The Company may from time to time assist the Client in communicating with Suppliers regarding cancellation or refund requests but does not guarantee refund outcomes.
The Client authorizes the Company to process payment for confirmed travel arrangements.
The Client agrees not to initiate credit card disputes or chargebacks for properly authorized and confirmed services.
If the Client initiates an improper chargeback, the Client agrees to reimburse the Company for the disputed amount, chargeback fees, administrative expenses, and reasonable attorneys’ fees incurred.
The Company shall not be liable for delay, cancellation, modification, or inability to perform caused by events beyond its reasonable control, including governmental actions, border closures, airline cancellations, labor disputes, natural disasters, terrorism, pandemics, or civil unrest.

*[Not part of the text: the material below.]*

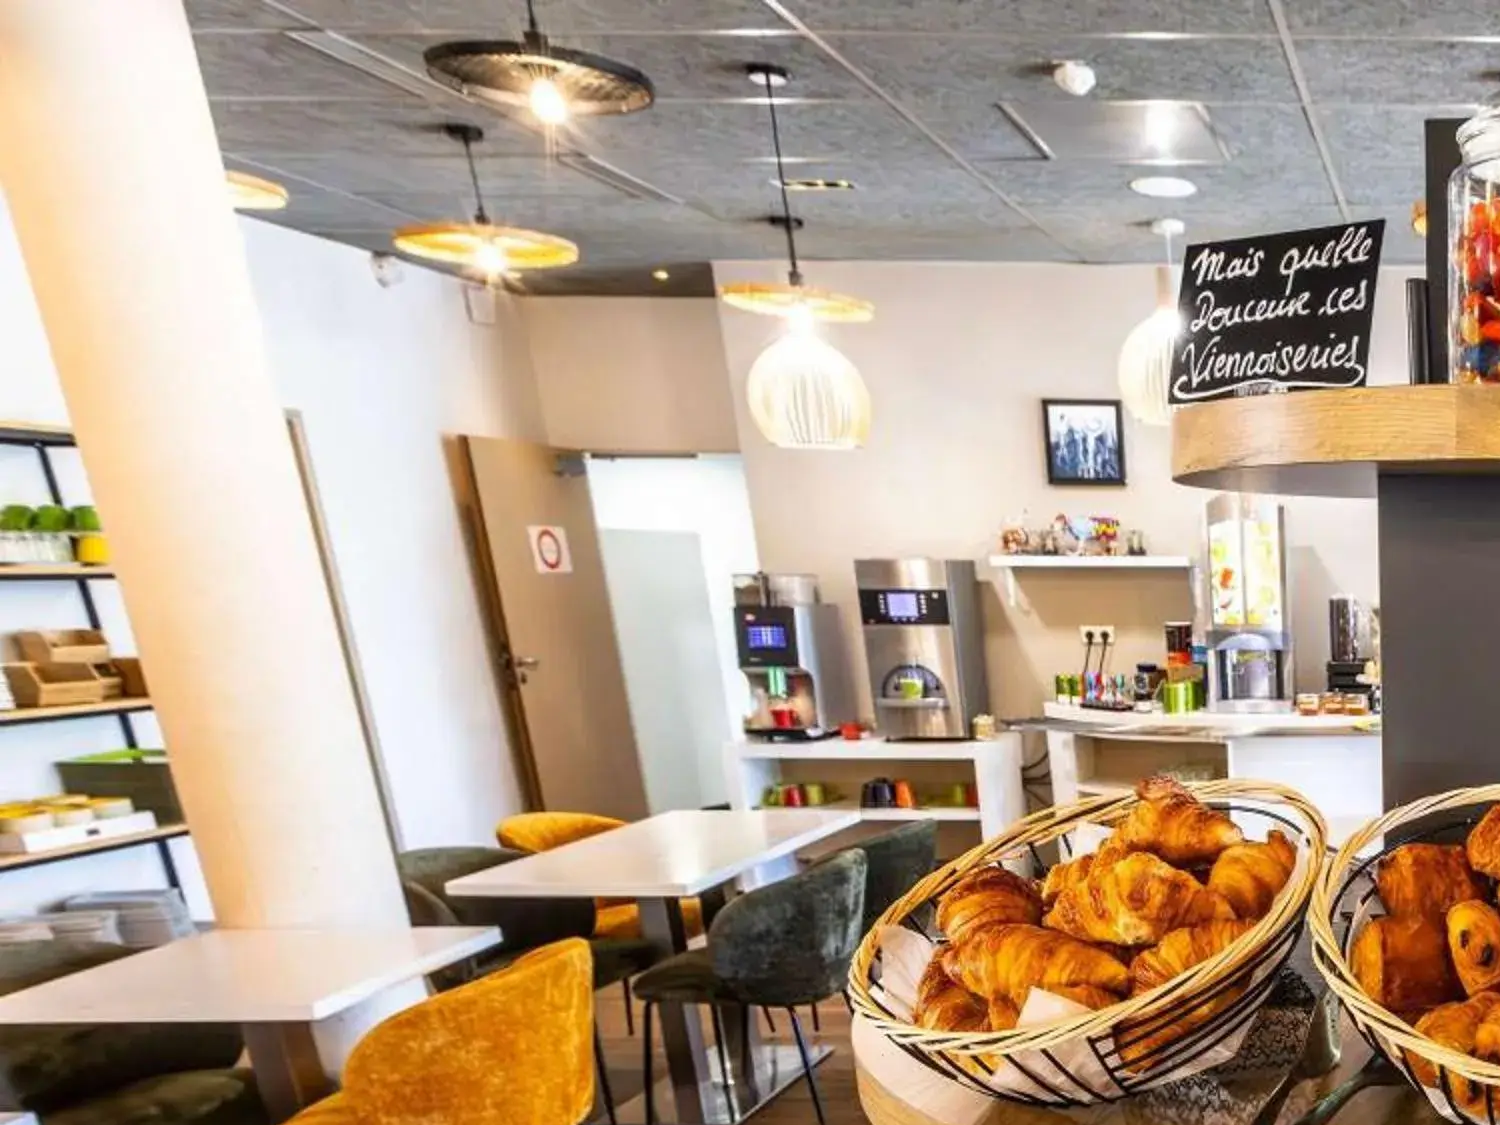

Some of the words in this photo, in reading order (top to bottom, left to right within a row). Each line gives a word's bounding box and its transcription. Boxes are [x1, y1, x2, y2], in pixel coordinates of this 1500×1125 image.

The Company shall have no obligation to provide compensation for events falling within this section.
To the fullest extent permitted by Texas law, the Company’s total aggregate liability arising out of or relating to this Agreement shall not exceed the professional service fees retained by the Company.
The Company shall not be liable for indirect, incidental, consequential, punitive, exemplary, or special damages, including loss of enjoyment, emotional distress, or lost profits.
The Client acknowledges that claims relating to operational execution of travel services must be brought against the responsible Supplier in the jurisdiction where services are performed.
The Company shall not be required to defend or indemnify claims arising from Supplier operations.
The Client agrees to indemnify, defend, and hold harmless the Company from claims arising out of the Client’s conduct during travel, violation of Supplier policies, improper chargebacks, or breach of this Agreement.
This Agreement shall be governed by and construed in accordance with the laws of the State of Texas, without regard to conflict-of-law principles that would require application of the laws of another jurisdiction.
The Federal Arbitration Act (“FAA”) shall govern the interpretation and enforcement of the arbitration provisions contained herein.
By checking the box stating “I have read and agree to the Travel Services Agreement” and submitting an inquiry or booking request, the Client confirms review, understanding, and agreement to be legally bound. Checking the acceptance box constitutes the Client’s electronic signature.
The Client consents to the use of electronic records and electronic signatures in connection with this Agreement in accordance with the federal Electronic Signatures in Global and National Commerce Act (E-SIGN Act).